From deep in the acoustical horn, the old woman’s voice came out to them, an amplified whisper, harsh and penetrating: “Chani has returned from her hajra—Chani has seen the waters.”

A sussurant response arose from the crowd: “She has seen the waters.”

“I consecrate the daughter of Liet in the Sayyadina,” husked the old woman.
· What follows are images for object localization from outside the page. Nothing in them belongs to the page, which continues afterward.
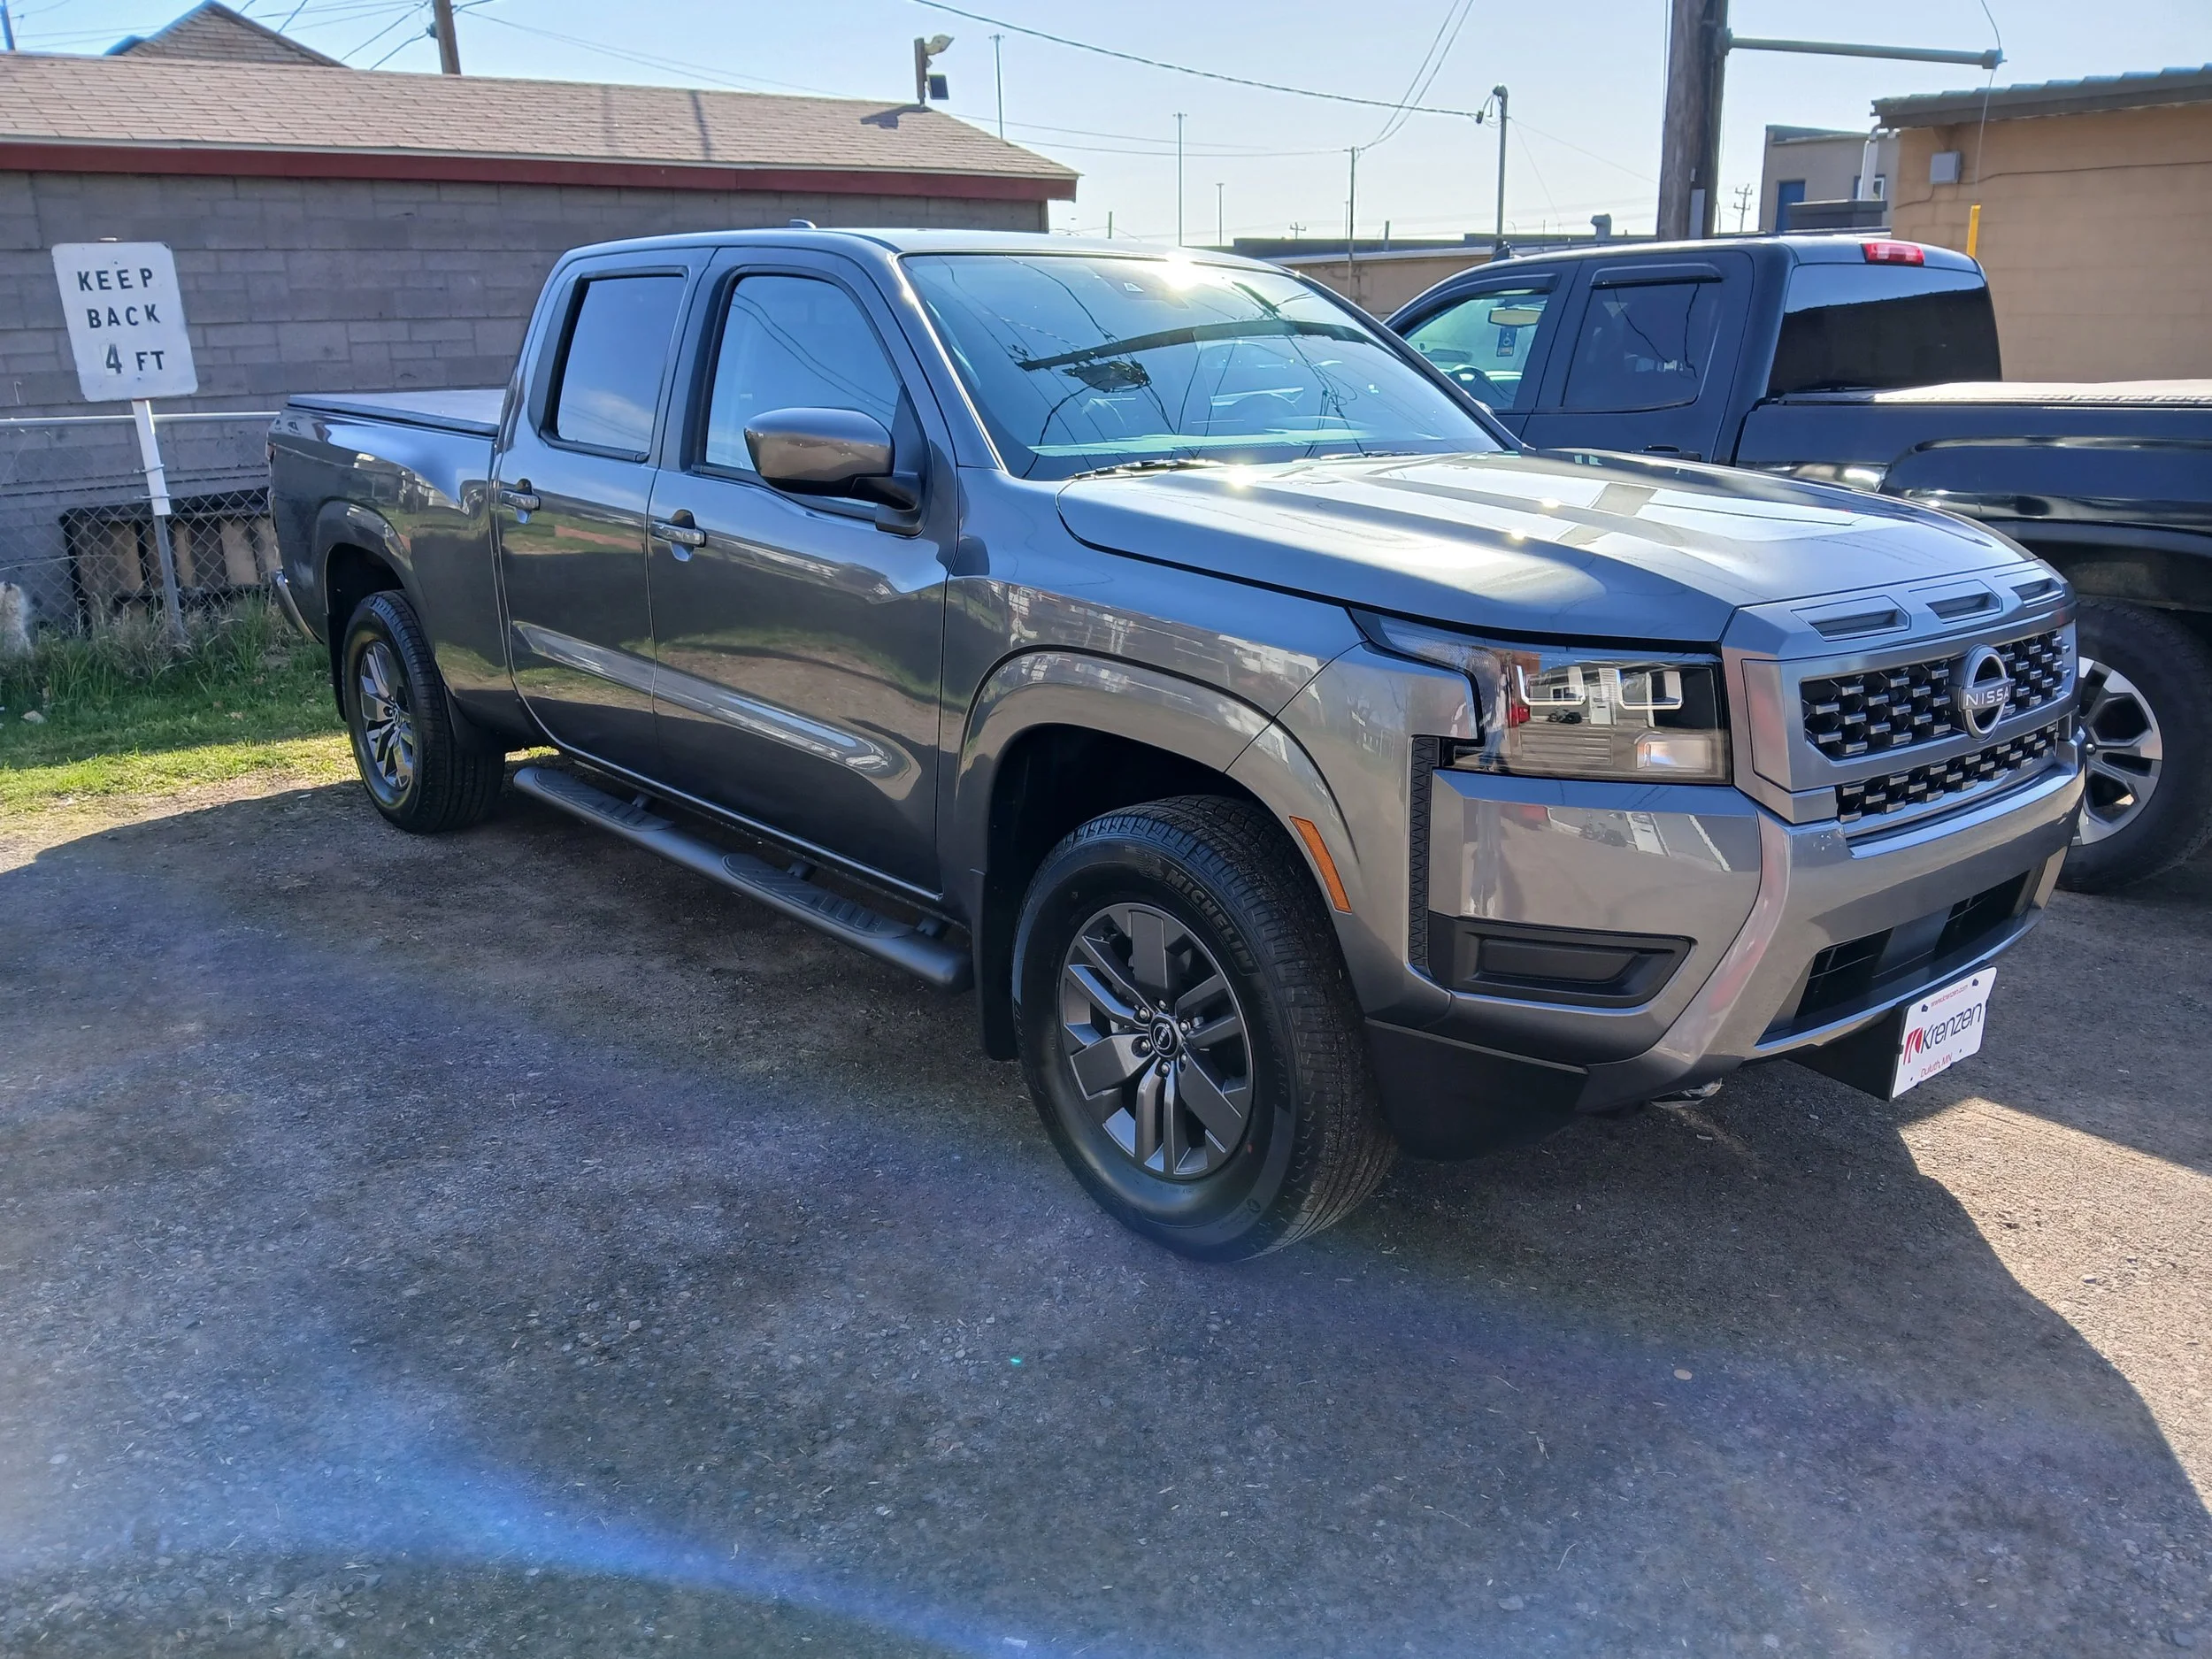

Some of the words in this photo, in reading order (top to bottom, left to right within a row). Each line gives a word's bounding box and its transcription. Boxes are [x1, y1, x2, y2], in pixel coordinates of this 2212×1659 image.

[77, 268, 153, 291] KEEP
[87, 304, 160, 328] BACK
[105, 343, 122, 374] 4
[135, 350, 165, 371] FT
[1965, 686, 2009, 706] NISSA
[1165, 869, 1255, 967] MICHELIN
[1920, 1002, 1983, 1054] Krenzen
“She is accepted,” the crowd responded.

Paul barely heard the ceremony, his attention still centered on what had been said of his mother.

If she should fail?

He turned and looked back at the one they called Reverend Mother, studying the dried crone features, the fathomless blue fixation of her eyes. She looked as though a breeze would blow her away, yet there was that about her which suggested she might stand untouched in the path of a coriolis storm. She carried the same aura of power that he remembered from the Reverend Mother Gaius Helen Mohiam who had tested him with agony in the way of the gom jabbar.

“I, the Reverend Mother Ramallo, whose voice speaks as a multitude, say this to you,” the old woman said. “It is fitting that Chani enter the Sayyadina.”

“It is fitting,” the crowd responded.